Several of Carol Gilligan’s colleagues wrote a book at about the same time that Gilligan was advocating the finding of voice among women. I have already mentioned these women: Mary Belenky and her colleagues. They (Belenky, et. al., 1986) offered a powerful account of women who must remain silent because of the constraints placed on them by their society. Along with her colleagues, Belenky asked how these women of silence would come to know anything. Can one engage in the acquisition of knowledge—can one learn—when there is no active verbal engagement with other people? Is a person ever free if they can never speak or engage with other people in knowledge-generating discourse? I would suggest that the answer is “No.” Freedom requires engagement and the creation of shared knowledge. As I noted previously, we might consider interactions with other people to be the foundation for not only our sense of self, but also our fundamental sense of reality (Brothers, 2001). If this is the case, then our hold on reality is tenuous if we must remain silent.
Taking Action
As I have noted, while voice is of primary importance for some people (especially women), action is of primary importance for other people (especially men). Many men (and some women) primarily connect with other people and express their feelings in modes other than words. This predilection for action rather than words has prevailed for many centuries in Western culture, and virtually all other cultures in the world. Many men (and women) have used rituals, ceremony, gift-giving, symbolic gestures, and other physical modes to express their feelings. They bring flowers as an expression of love. They engage in chants, face-painting and cheers to express their enthusiastic support for a sports team. They go fishing with a friend and silently sit beside their friend. The act of fishing together is itself a manifestation of their friendship.

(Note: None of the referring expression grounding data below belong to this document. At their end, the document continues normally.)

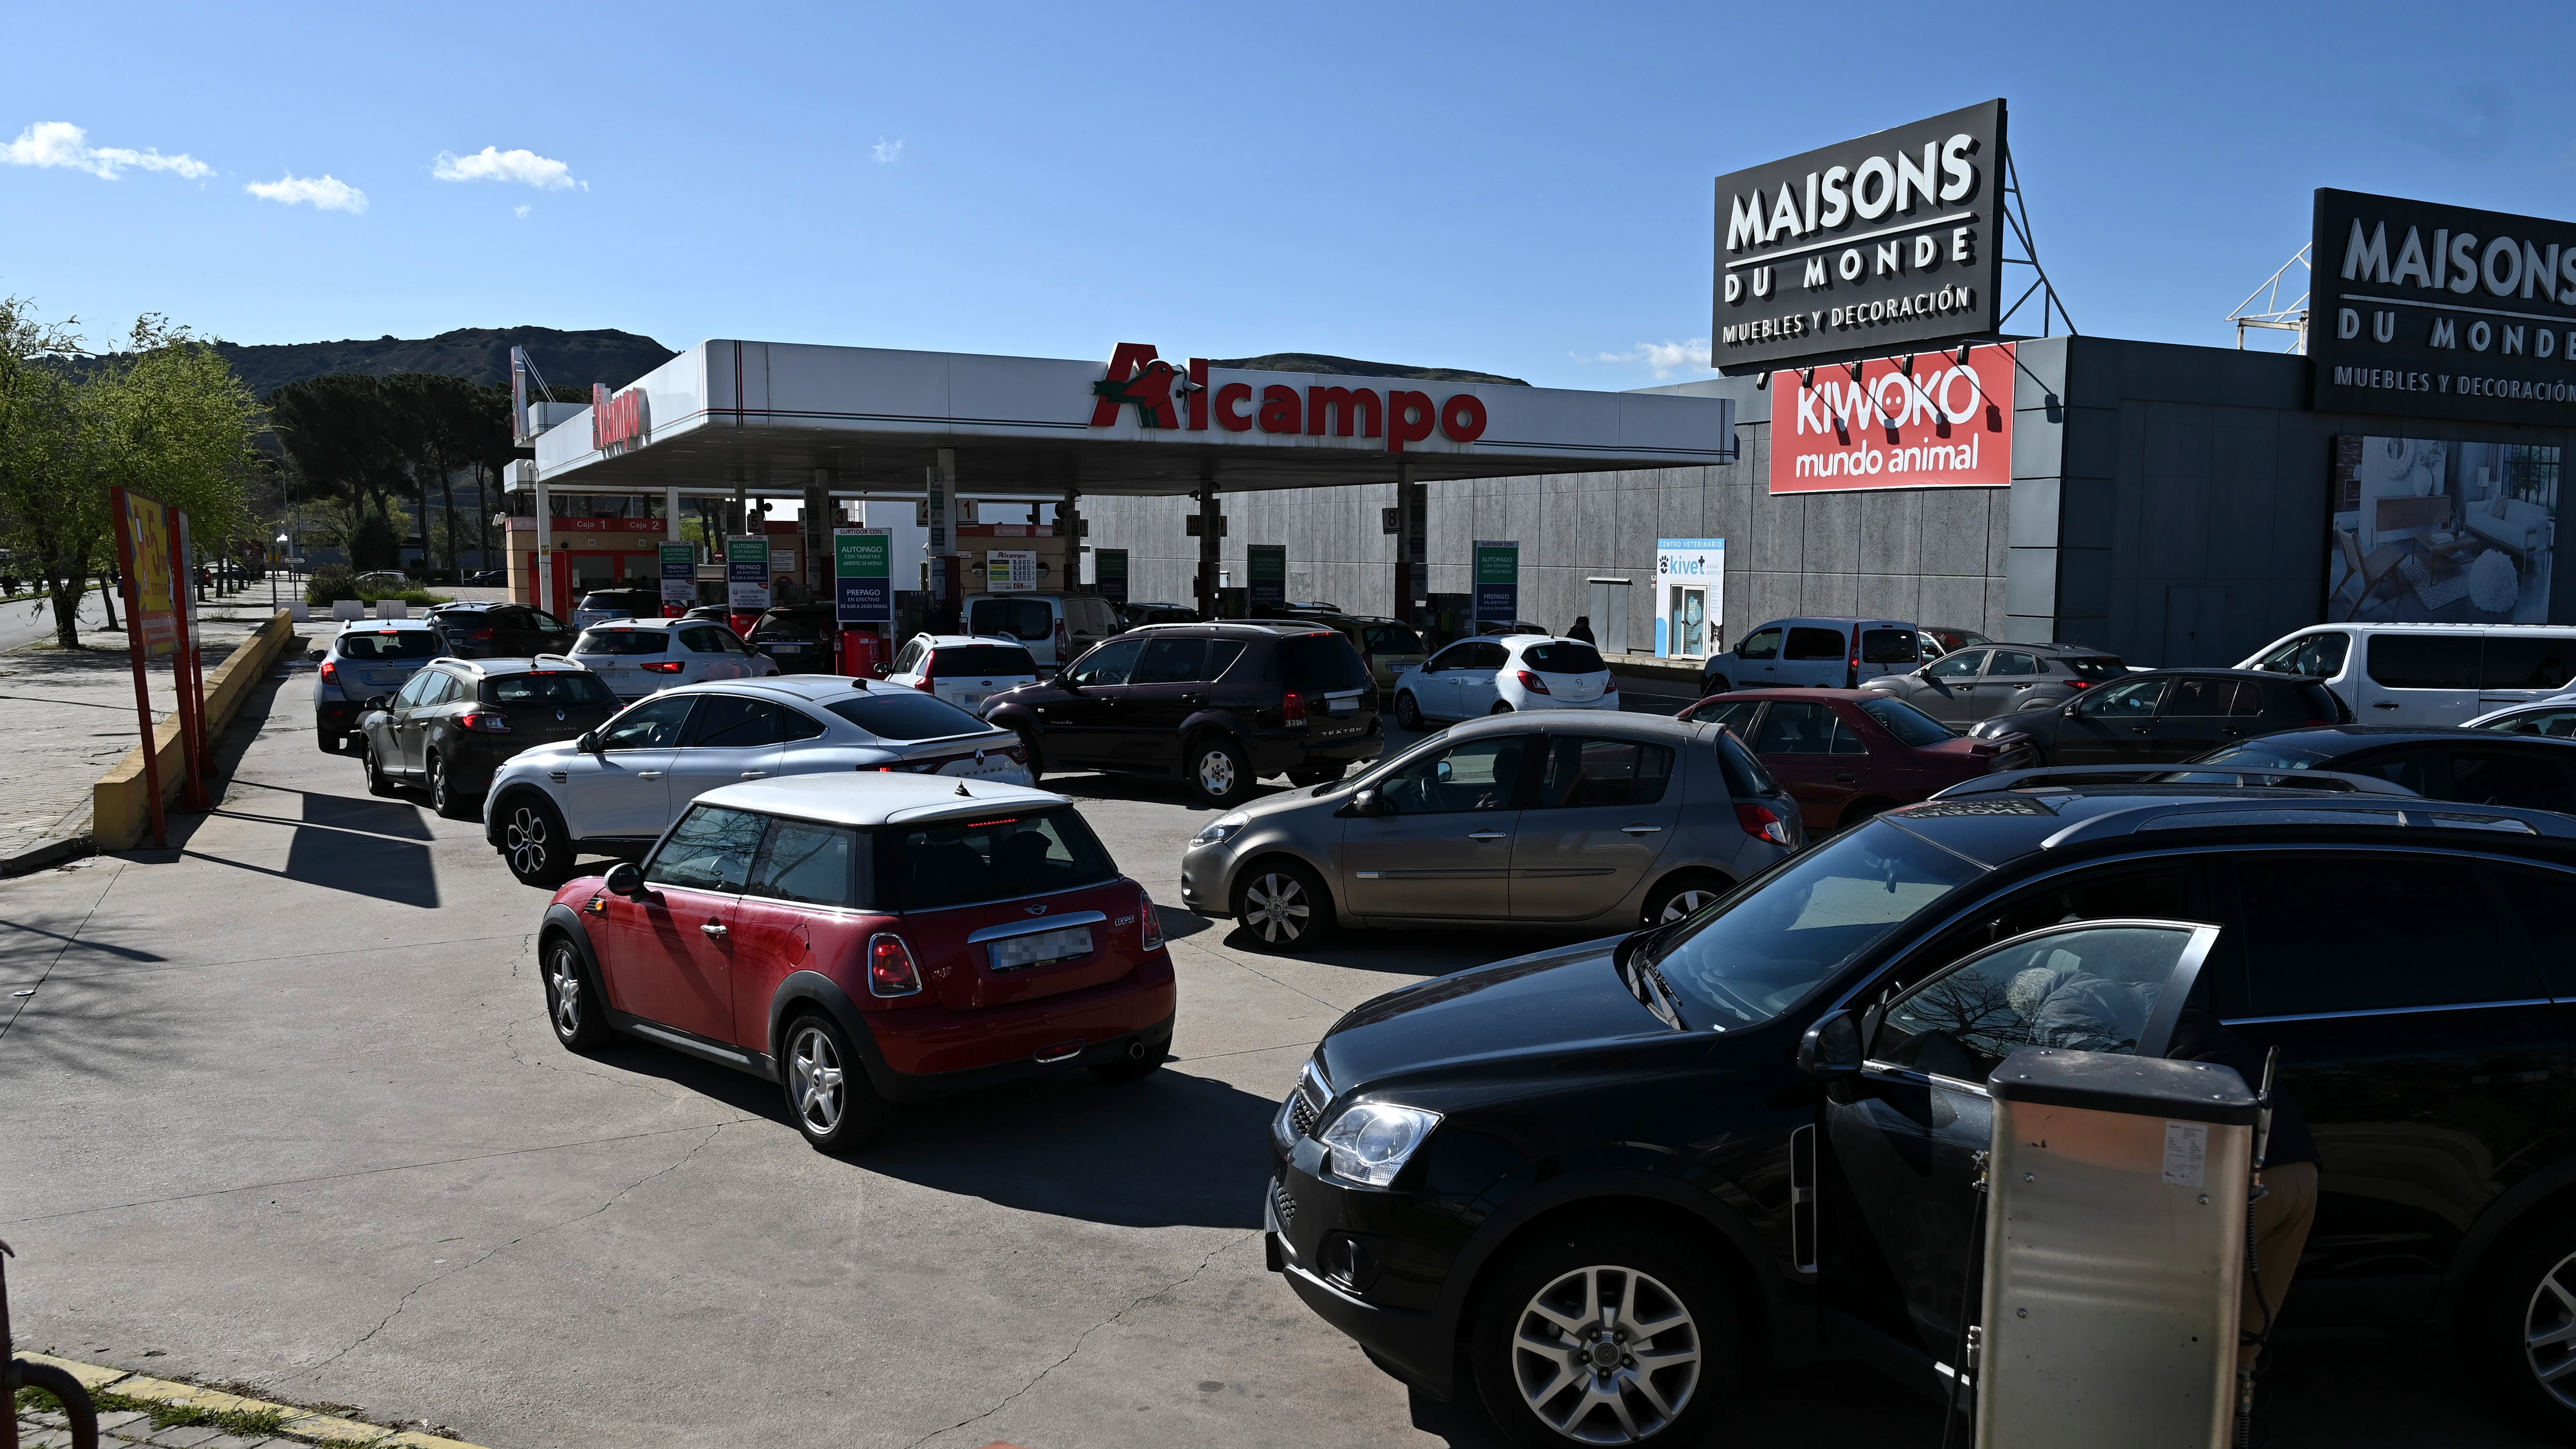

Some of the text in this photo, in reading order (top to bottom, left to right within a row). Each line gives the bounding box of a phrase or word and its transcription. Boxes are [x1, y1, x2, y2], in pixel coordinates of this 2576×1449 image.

[1726, 133, 1972, 250] MAISONS
[1725, 227, 1970, 302] DU MONDE
[1723, 284, 1969, 343] MUEBLES Y DECORACIÓN
[2338, 307, 2394, 343] DU
[2335, 366, 2429, 392] MUEBLES
[2437, 375, 2450, 393] Y
[1088, 342, 1487, 453] Alcampo
[1797, 364, 1981, 435] KIWOKO
[593, 383, 645, 450] Alcampo
[1796, 432, 1979, 478] mundo animal
[836, 510, 844, 525] 3
[964, 500, 971, 519] 1
[1388, 510, 1397, 527] 8
[601, 520, 606, 530] 1
[652, 520, 659, 530] 2
[751, 515, 758, 528] 5
[1054, 520, 1063, 531] 12
[1188, 517, 1199, 530] 10
[1670, 555, 1705, 575] kivet
[1321, 727, 1361, 736] REXTON
[956, 767, 1002, 777] ARKANA
[1114, 914, 1135, 927] COOPER

These action-oriented men (and women) look forward to the expression of family devotion at the Sunday evening dinner each week. They choke up at the playing of the national anthem and care deeply about the special evening at the movies each Friday night with their spouse. Repetition, tradition and tangible evidence of support and commitment are at the heart of the matter. Men’s ways of feeling begin with the assumption that one’s feelings are most believable when they translate into action: “Action speaks louder than words”. “Watch what they do and not what they say!” This alternative mode of expressing feelings can be distilled into one phrase: “show me.” Connections are made through the gestures being articulating and the patterns of behavior being forming in setting up and maintaining a relationship. Emblematic short-cuts are engaged, with humor and storytelling often replacing the need to elaborate on personal insights or acknowledge vulnerabilities out loud. This is the “man’s way.”
Today, there are many “ways” – and these ways are often unrelated to gender. While it is appropriate and timely that gender-based differences are now being challenged, the distinction to be drawn between connecting via voice rather than action is important—regardless of the source of this distinction. We must appreciate this distinction and recognize, as Carol Gilligan has done, that there is a wide diversity of strategies for not only reasoning about moral behavior but also finding the best way to connect with other people.